Massage is not a cure, of course. As a ‘complementary therapy’, it can help manage ill side effects of cancer therapies such as radiation, chemo or surgery, and enable sufferers to better cope with the experience for their own comfort and psychological well-being. The Cancer Council lists massage among several complementary therapies that, while not aiming at curing the cancer, are useful to help control symptoms such as pain and fatigue.

[There’s an important distinction between complementary and alternative therapies. Alternative therapies propose to cure cancer with methods not scientifically proved, which in some cases have been demonstrated to foster cancer growth or reduce the effect of conventional therapies. Complementary therapies – such as massage – have been proved to help in mitigating the side effects of conventional therapies and improve quality of life].

Distressed manA main concern of cancer sufferers is that massage can help spread it to healthy cells.

The Australian Cancer Council devotes a full page of information to cancer and massage, and deals with this common and justifiable (although not justified, as it turns out) concern. It says that “light, relaxing massage can safely be given to people at all stages of cancer.” It adds that tumour areas should be avoided, and suggests that sufferers should seek doctor advice if they have any specific concerns. Those who look for more detailed information will find it here.

The benefits of oncology massage can be extensive. They’ll vary depending on the type and stage of cancer. During all stages, however, the sensation of human touch can be vitally important to a person whose main source of physical contact is the medical treatment that causes them such discomfort.

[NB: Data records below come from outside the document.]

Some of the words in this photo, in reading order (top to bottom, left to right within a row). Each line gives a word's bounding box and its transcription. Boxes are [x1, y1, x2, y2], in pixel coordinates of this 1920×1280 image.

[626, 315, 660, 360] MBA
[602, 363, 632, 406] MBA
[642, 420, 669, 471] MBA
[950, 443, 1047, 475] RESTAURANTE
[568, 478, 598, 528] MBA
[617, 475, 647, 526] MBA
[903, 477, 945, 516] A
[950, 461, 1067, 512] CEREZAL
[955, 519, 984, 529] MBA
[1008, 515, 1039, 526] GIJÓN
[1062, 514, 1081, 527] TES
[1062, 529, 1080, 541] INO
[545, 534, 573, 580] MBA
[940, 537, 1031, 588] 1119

Many studies – mostly American – have documented the positive effects that massage can have on relieving the symptoms of anxiety and depression which is particularly important for patients in the lead up to, and throughout, surgery and other treatments. Humans are biologically designed to respond to touch, and it is this stimulation that triggers the brain to shift into a calmer state. The gentle, consolatory nature of massage encourages deep relaxation and assists in increasing mental clarity and alertness, giving patients some respite during what often is the most trying time of their lives.

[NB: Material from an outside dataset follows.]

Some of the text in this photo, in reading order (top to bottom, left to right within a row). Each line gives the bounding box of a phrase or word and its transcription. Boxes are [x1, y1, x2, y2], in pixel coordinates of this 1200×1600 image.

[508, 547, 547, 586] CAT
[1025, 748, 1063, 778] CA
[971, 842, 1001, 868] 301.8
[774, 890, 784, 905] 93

After a session with a professional massage therapist, many cancer sufferers have reported to having more restful sleep, eased constipation, improved self-body image and increased energy, which they find extremely beneficial during all stages of their condition. Massage is also useful in the days or weeks proceeding other treatments, whether it be surgery, radiation and/or chemotherapy; the most notable benefit is reduced pain and nausea but also a reduction in the swelling often associated with chemotherapy.